Collected data:
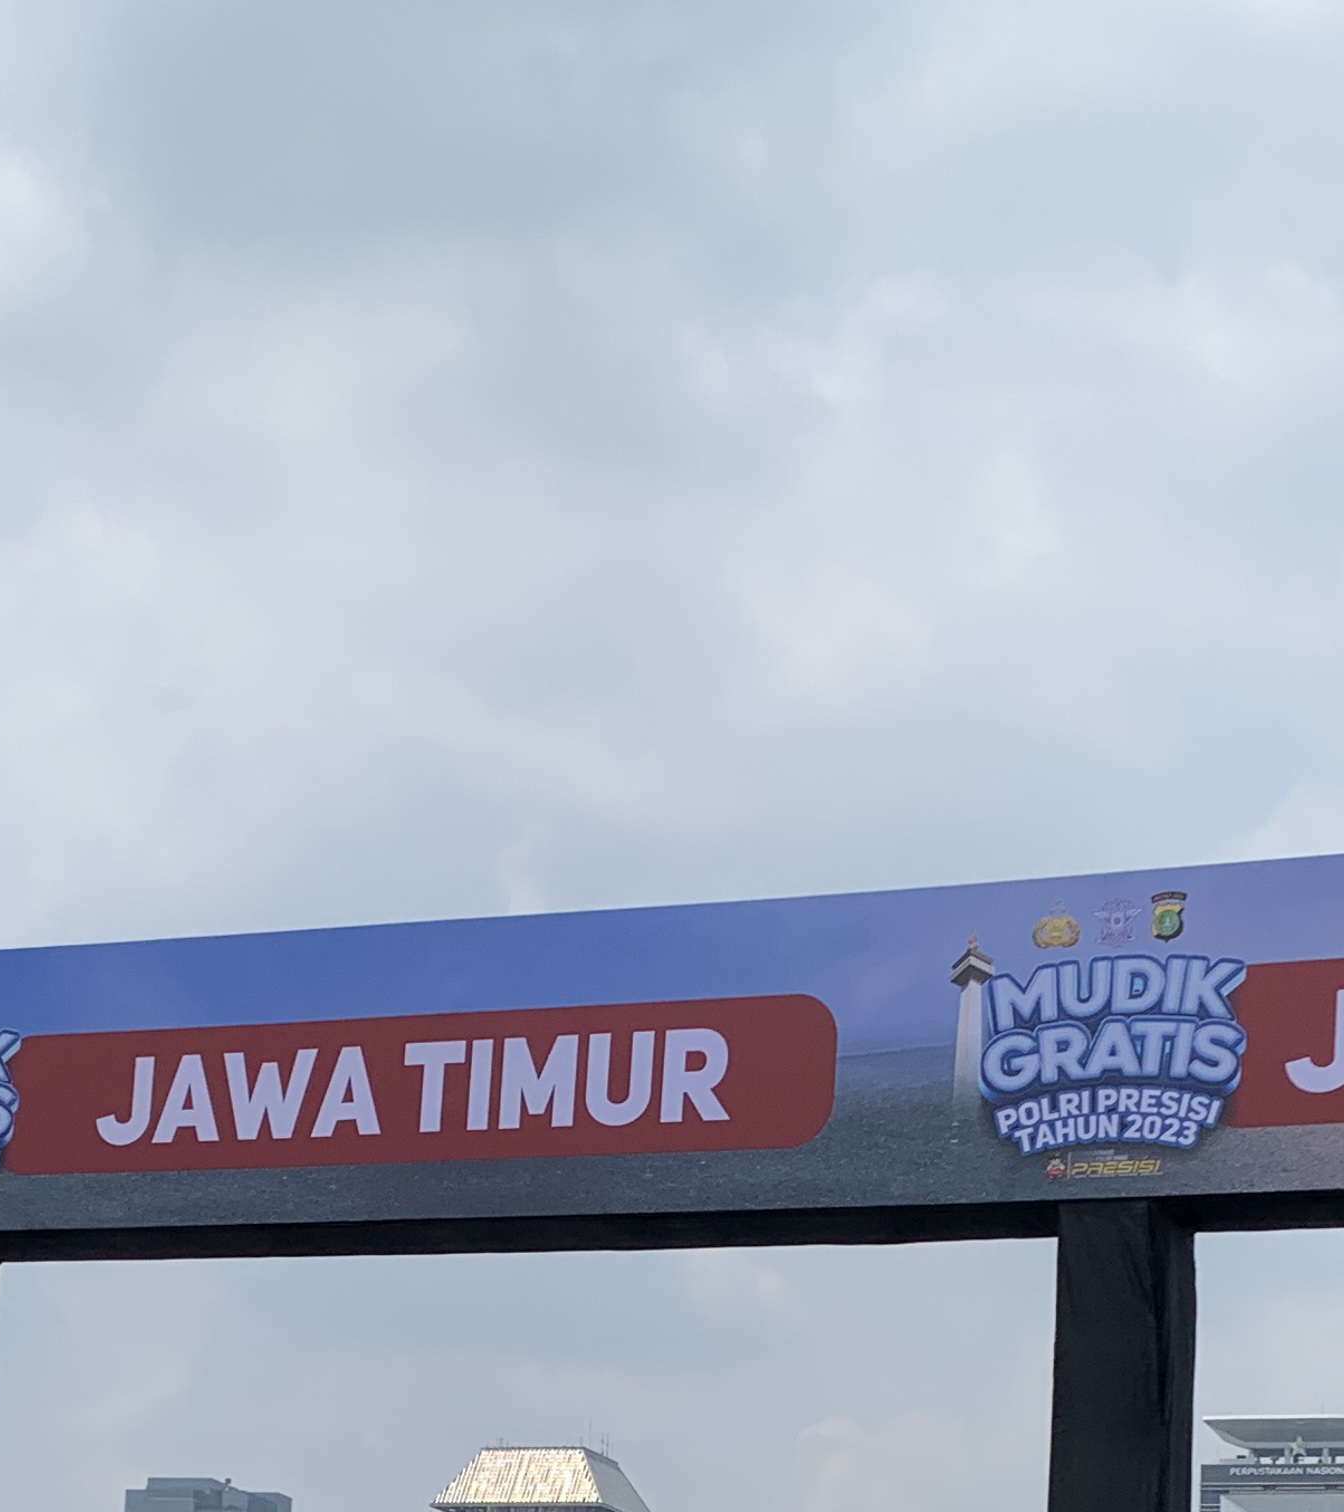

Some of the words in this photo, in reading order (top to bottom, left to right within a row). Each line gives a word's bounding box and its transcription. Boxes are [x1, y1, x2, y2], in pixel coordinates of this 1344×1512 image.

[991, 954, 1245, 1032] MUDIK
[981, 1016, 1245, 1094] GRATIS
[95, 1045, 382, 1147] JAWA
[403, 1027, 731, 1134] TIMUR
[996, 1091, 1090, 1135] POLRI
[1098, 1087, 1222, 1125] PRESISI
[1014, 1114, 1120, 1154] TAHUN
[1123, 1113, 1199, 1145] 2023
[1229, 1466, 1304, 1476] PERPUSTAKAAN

**WHAT TO WORK ON:**
Retype each of the entries above exactly as it appears, with no pictures.

**ANSWER SPACE:**
Some of the words in this photo, in reading order (top to bottom, left to right within a row). Each line gives a word's bounding box and its transcription. Boxes are [x1, y1, x2, y2], in pixel coordinates of this 1344×1512 image.

[991, 954, 1245, 1032] MUDIK
[981, 1016, 1245, 1094] GRATIS
[95, 1045, 382, 1147] JAWA
[403, 1027, 731, 1134] TIMUR
[996, 1091, 1090, 1135] POLRI
[1098, 1087, 1222, 1125] PRESISI
[1014, 1114, 1120, 1154] TAHUN
[1123, 1113, 1199, 1145] 2023
[1229, 1466, 1304, 1476] PERPUSTAKAAN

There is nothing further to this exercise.